Violência policial contra negros no Brasil e no mundo
Enviada em 09/07/2020
A violência contra os negros no Brasil e no mundo está pautada em uma estrutura historicamente racista. Ou seja, no Brasil a reformulação da polícia militar no âmbito de sua significância e ações nunca foi motivo de reflexão já que o brasão da família real ainda faz parte do fardamento. Acrescenta-se a isso, a alta objetificação da pessoa negra por mais de três séculos transpassada e reestruturada nos moldes do capitalismo atual.
Nesse sentido, o termo racismo estrutural defendido pelo filósofo, professor e advogado Silvio Almeida, presidente do Instituto Luiz Gama, explica a permanência desse ato néscio durante o século XXI. Segundo o advogado, é inegável a perversidade cometida em todos os âmbitos da sociedade já que ao observar as lideranças e predominâncias do homem branco, em diversos cargos de representatividade seja ele jurídico, jornalístico ou acadêmico, desacredita-se o fato de que a maior parte da população reconhece-se parda ou negra, de acoro com o IBGE. Seguramente, é criminalmente comum negros fazerem parte da parcela mais pobre e encarceirada da população assim, criminaliza-se a cor em condenações efetuadas por um judiciária injustamente parcial e branco.
Além disso, a criação da polícia com o objetivo de garantir a segurança da familia real no século XIX contra a população negra foi fortemente reinterpretada em crueldade contra jovens negros. Isto é, os massacres que ocasionam diariamente os assassinatos de adolescentes e crianças, especialmente em favelas e periferias, é resultado da ineficiência de um estado que oferece segurança pública apenas para os mais afortunados em oposição aos que verdadeiramente precisam, geralmente negros.
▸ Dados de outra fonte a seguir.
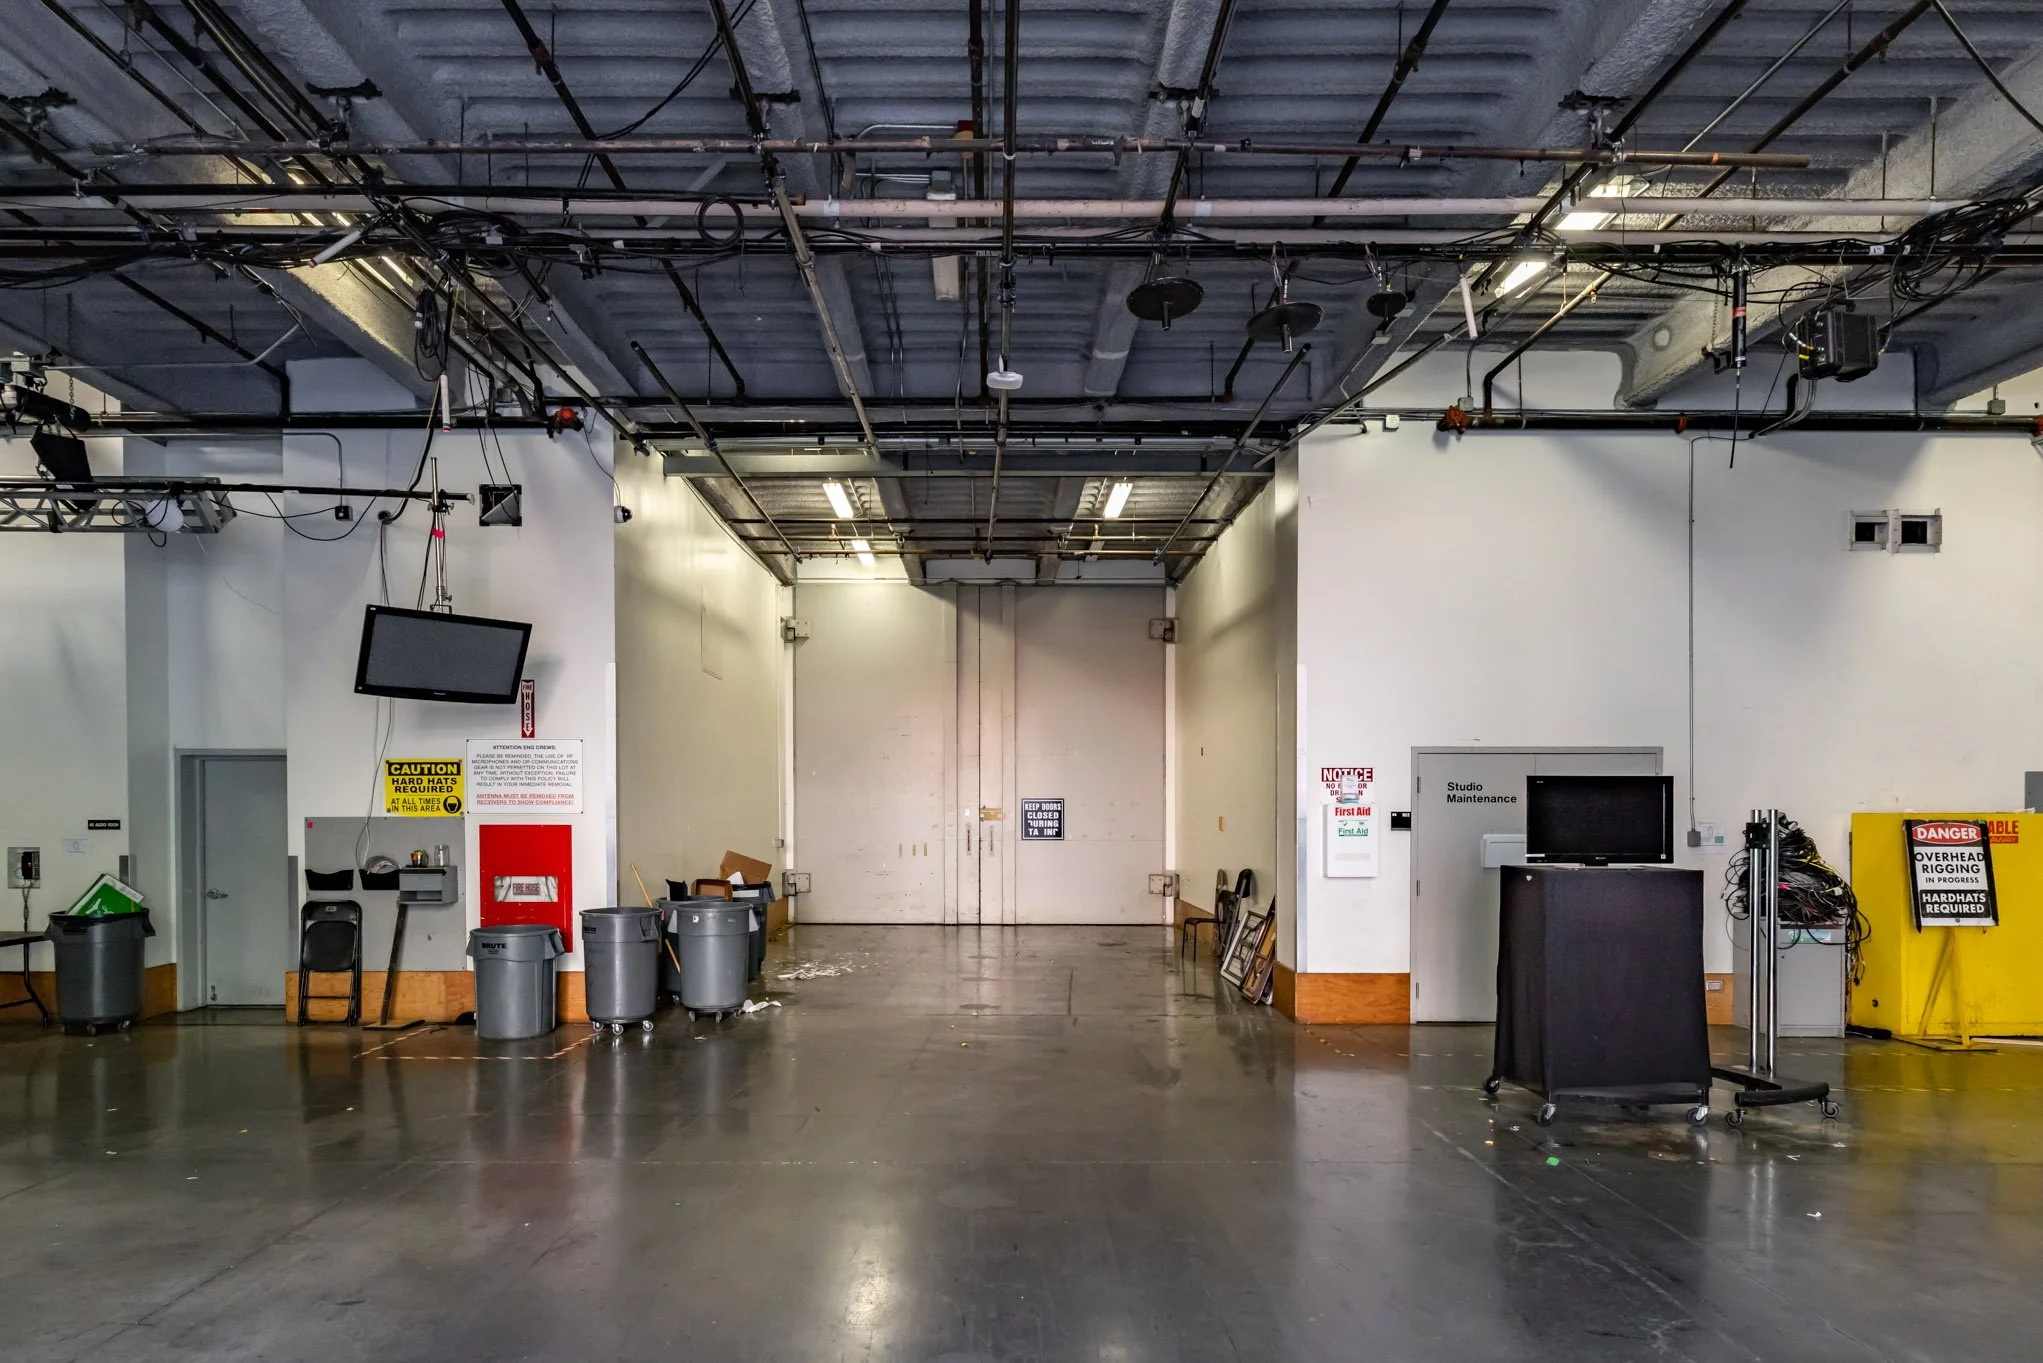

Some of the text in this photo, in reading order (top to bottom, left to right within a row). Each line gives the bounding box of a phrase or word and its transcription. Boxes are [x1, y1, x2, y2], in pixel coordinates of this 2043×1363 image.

Portanto, é necessário que o Ministério da Justiça reconheça a predominância branca no judiciário, além da intensa racialização velada, criando movimentos que incentivem a participação de negros no jurídico. Somado a isso, é preciso que os governos realizem uma desconstrução dessa opressão militarizada na polícia por meio de reformulações no treinamento tornando-a uma força de inteligência pacificadora de fato.